Sharkey Mulloy was a man who loved his work. Those who saw Sharkey on the streets of St. Louis were never aware that in him existed a glimmer of the glory that had been Greece, a speck of the grandeur that had been Rome. It was true that there were some, even in this enlightened age, who considered his work pagan in practice and sinful in nature, but even Sir Thomas Browne, himself a Christian, was unable to discredit entirely this vestige of Christian idiocy.

Now, this day, Sharkey sat in a vault below a chapel and listened to the sound of a mourning organ. He could hear the organ only faintly, and he wished he could not hear it at all, for he did not like it. He did not, as a matter of fact, like anything about what was now going on in the chapel, for he considered it a sticky business better eliminated. A realist, however, he accepted it as a necessary prelude to his own work, something to be tolerated out of deference to deluded folk who paid the tariff but couldn’t understand the proper way of doing a thing. After the organ was silent and the chapel was empty, when what was left came down on the elevator into his hands, things would be different and better by far. The whole complex and obscure confusion of dogma and display would become, under his definitive ministration, serene and clear, and pure as fire.

In due time he heard the elevator descending and went out to receive his charge from Mr. Fairstead, who always made the delivery himself in what Sharkey had to admit was a nice gesture in the last phase of a last rite. Today, as usual, Mr. Fairstead looked somber below the neck and quite cheerful above, and his voice, when he spoke, agreed with the part above.

“Well, here he is, Sharkey,” he said. “Be sure to give us back our three percent.”

“Net,” Sharkey said.

Mr. Fairstead laughed and went, the elevator groaning upward, and Sharkey took over, warmed as always by the intimate little exchange that had not varied a bit in twenty years, except that the personal pronoun changed its gender to suit the occasion. He worked swiftly and efficiently, and it required only a short while to complete in the vault what had been begun in the chapel, to make in action the grand consignment that had already been made in words. This done, and with a period of waiting now to be endured, Sharkey put on his hat and went around the corner to a tavern.

He returned to his vault after an hour and read an Agatha Christie murder mystery for something over another hour. Finally, the time past, he extracted Mr. Fairstead’s three percent, and extracted with a magnet from the three percent a number of long screws. All screws removed, he put the three percent in a temporary receptacle and sealed it. On the outside of the receptacle, he stuck a gummed label on which he had previously printed in clear block letters: BURNS, AARON — SPLENDID IN ASHES.

He was actually required to print only the name. The added little epitaph, a phrase lifted from Browne’s Hydriotaphia, was Sharkey’s own idea.

2.

The residue of Aaron Burns, the three percent that Mr. Fairstead facetiously claimed and Sharkey Mulloy carefully preserved, really belonged, of course, to Shirley Smith Burns, his widow, who did not linger to claim her property. Arrangements with Mr. Fairstead for a suitable urn and a perpetual-care niche in the chapel of the crematorium had been completed, and there seemed nothing left for her to do. Besides, she was feeling quite ghastly, and she had this odd sensation of her skull’s being packed loosely with sawdust which shifted about in the most peculiar manner every time she moved her head. She was being driven home by Earl Joslin, Aaron’s lawyer, and she thought with resignation, looking out the car window at the remnants of snow, that it was unfortunate that she had been compelled to hurry all the way back from Florida at such an inconvenient time.

Many things in the life of Shirley Smith Burns had been, and were still, unfortunate. Perhaps the single most unfortunate thing — though it is actually impossible ever to pinpoint this — was the diphtheria which she had as a child. This was the only genuinely organic illness she ever had in her life, and she very nearly died of it, but all in all, in the final stages of recovery, she enjoyed it immensely. She was extravagantly loved and coddled and waited upon. She was the significant center of her universe. The romance of the experience, as well as the attention, was not lost upon her, for there is something poetic in the mortality of a child, and no one is more aware of it than children.

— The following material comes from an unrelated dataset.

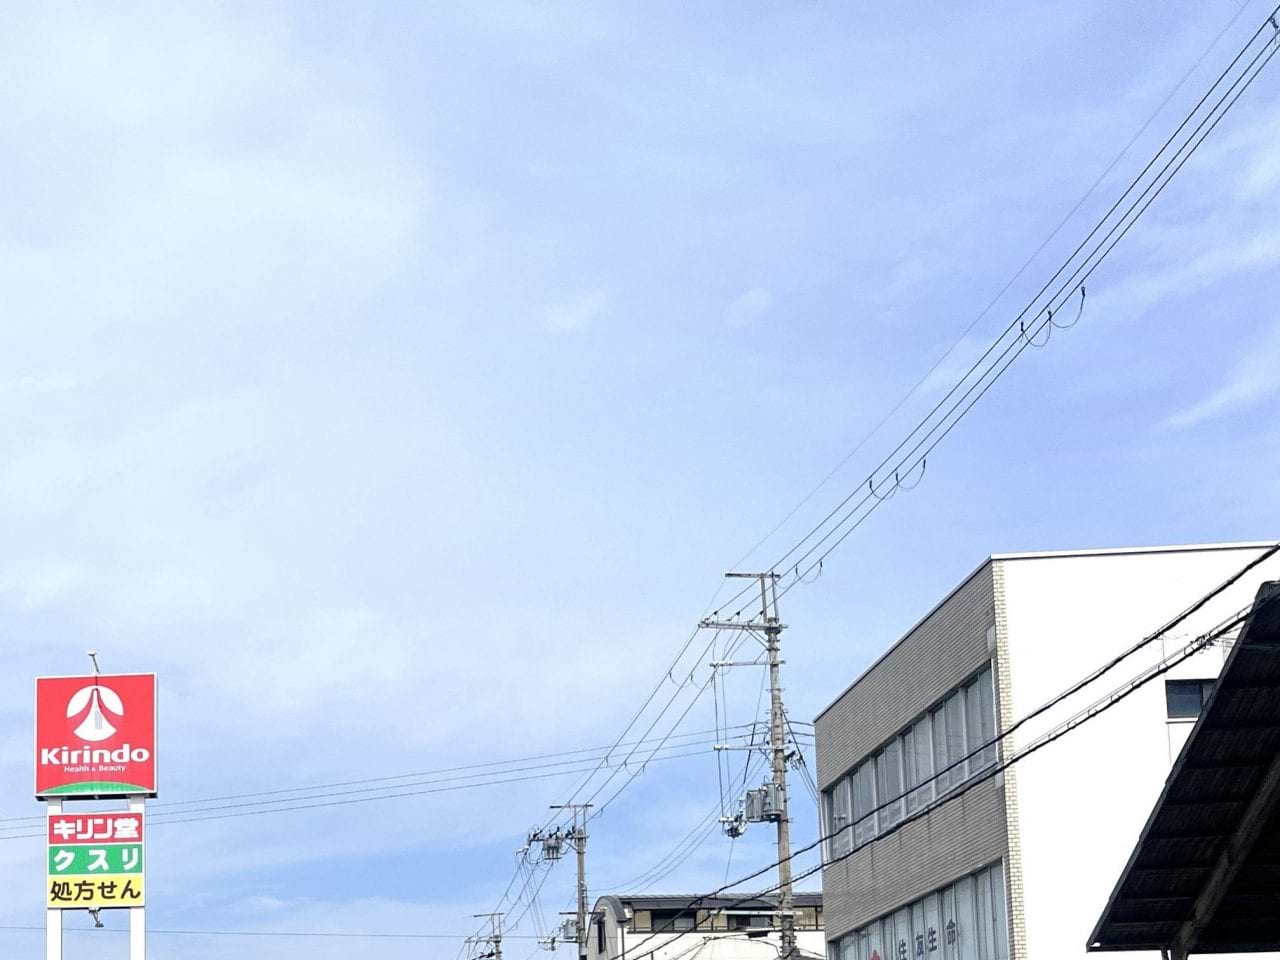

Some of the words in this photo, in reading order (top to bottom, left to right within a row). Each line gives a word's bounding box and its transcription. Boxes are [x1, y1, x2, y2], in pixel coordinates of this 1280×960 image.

For a long time she amused herself by playing imaginative variations on the theme of her death, and it was too bad, in a way, that she could not actually have died. The only reservations she felt in this childish death wish were the knowledge that she would be unable to attend the funeral. She recovered from the diphtheria, but she never recovered from the convalescence. Moreover and worse, neither did her mother. She, having seen her only child imperiled, waged thereafter a continuing terrified battle against all the shadows of death. And Shirley grew up in the shadows. Later, when she was grown, when impatience and indifference succeeded concern, it was too late to come out from these shadows.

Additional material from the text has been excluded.